Segundo relatos de moradores, Orelha estava desaparecido havia alguns dias. Durante uma caminhada, uma das pessoas que cuidavam do cachorro o encontrou caído e agonizando. O animal foi recolhido e levado a uma clínica veterinária, mas, diante da gravidade dos ferimentos, não houve alternativa além da eutanásia.
Suspeitos e apuração policial
De acordo com a Polícia Civil, os suspeitos foram identificados a partir da análise de câmeras de segurança e de depoimentos colhidos na região. A delegada responsável pelo caso, Mardjoli Valcareggi, afirmou que todos os possíveis envolvidos já foram identificados e que a investigação segue em andamento.
Também é apurada a denúncia de que um policial civil, pai de um dos suspeitos, teria coagido uma testemunha. A delegada confirmou que a informação está sendo analisada, mas negou qualquer envolvimento de policial no crime em si.
Acompanhamento do Ministério Público
No domingo (25), o Ministério Público de Santa Catarina (MPSC) informou que acompanha o caso por meio da 10ª Promotoria de Justiça da Capital (Infância e Juventude) e da 32ª Promotoria de Justiça da Capital (Meio Ambiente). Segundo o órgão, diversas pessoas já foram ouvidas e novas oitivas estão previstas para os próximos dias.
Ainda no domingo, o governador Jorginho Mello (PL) se manifestou nas redes sociais. Em publicação no X, afirmou que a investigação segue em curso e informou que o caso foi redistribuído, após a juíza inicialmente responsável se declarar impedida.
Protestos e repercussão nacional
Desde a confirmação da morte de Orelha, a mobilização cresceu. Moradores, protetores independentes, ONGs e institutos ligados à causa animal vêm realizando atos públicos e campanhas por justiça.
No sábado (24), um protesto reuniu dezenas de pessoas na Praia Brava. Vestindo camisetas personalizadas e segurando cartazes com a frase “Justiça por Orelha”, os participantes caminharam acompanhados de seus cães e realizaram uma oração em homenagem ao animal.

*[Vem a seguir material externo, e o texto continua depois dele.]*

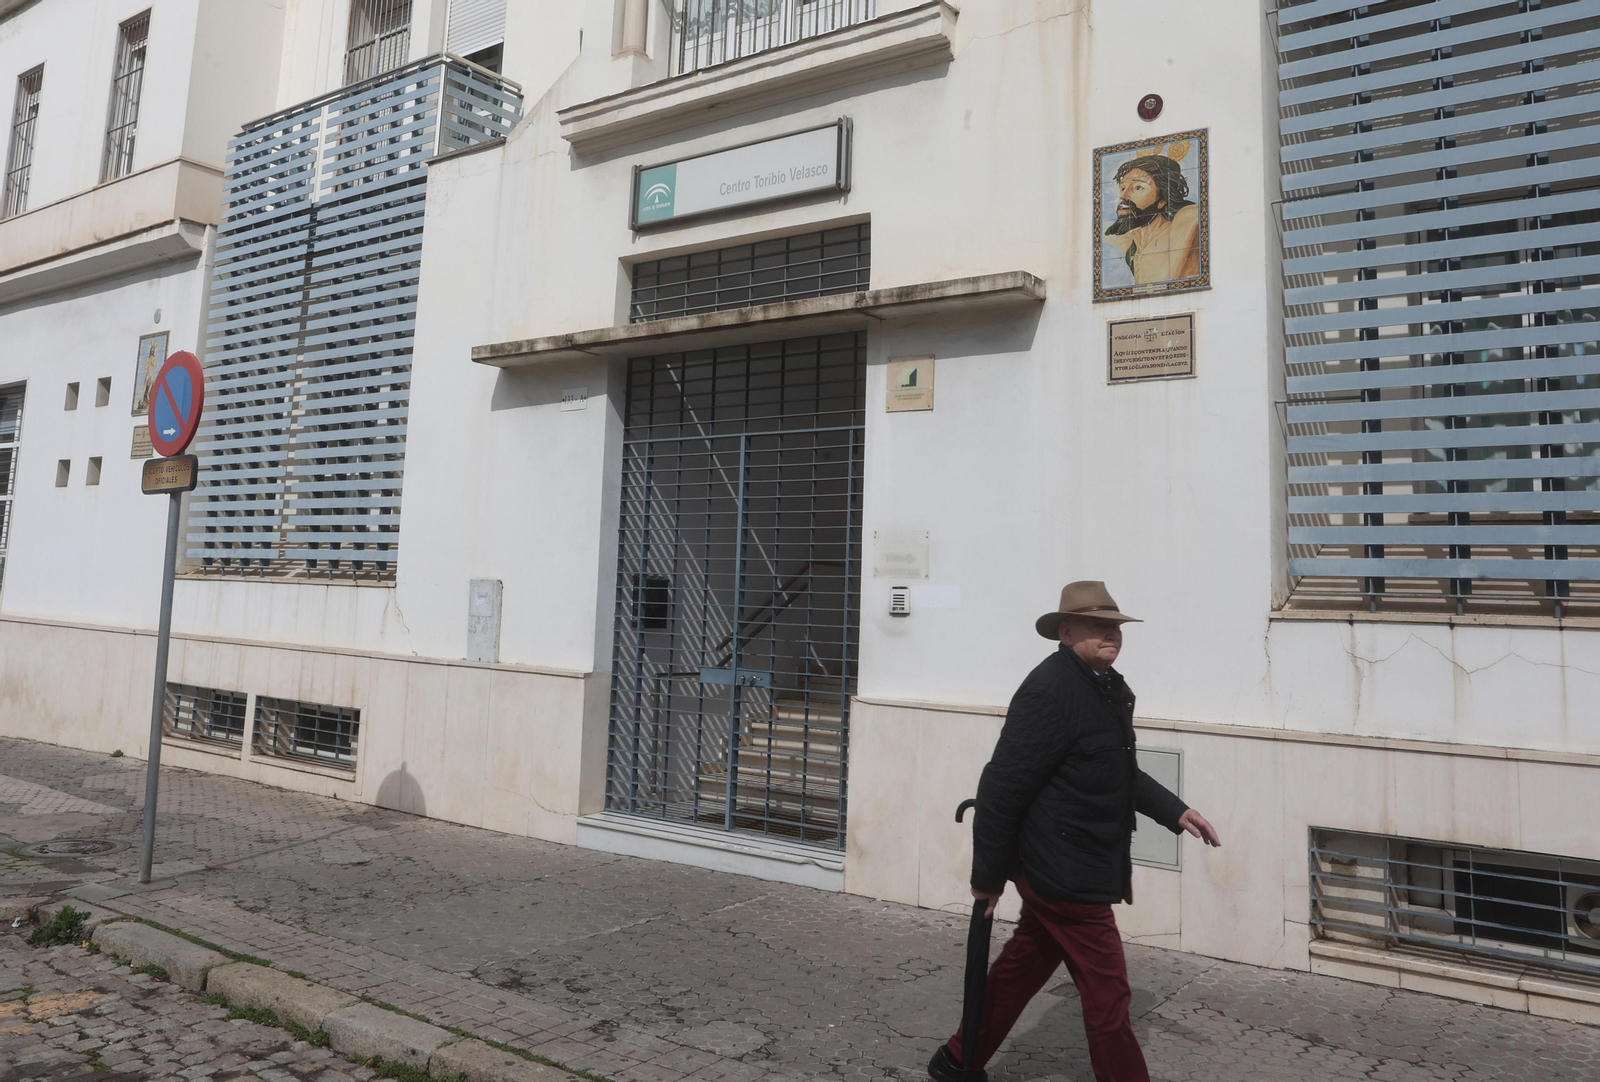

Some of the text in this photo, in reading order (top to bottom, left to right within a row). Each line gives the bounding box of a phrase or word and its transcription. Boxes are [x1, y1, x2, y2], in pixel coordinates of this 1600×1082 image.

[719, 164, 828, 196] Centro Toribio Velasco

A repercussão também se espalhou pelas redes sociais, com imagens de moradores e protetores segurando placas com a hashtag #JustiçaPorOrelha ao lado de seus animais.
No domingo (25), as atrizes Heloísa Périssé e Paula Burlamaqui publicaram vídeos lamentando a morte do cão e cobrando providências das autoridades.
“Quem faz isso com um animal inocente tende a repetir esse modelo de violência com outros seres vivos. A gente precisa estar atento a isso”, afirmou.
O caso Orelha reacende o debate sobre maus-tratos contra animais, responsabilidade penal de adolescentes e a proteção de cães comunitários em áreas públicas.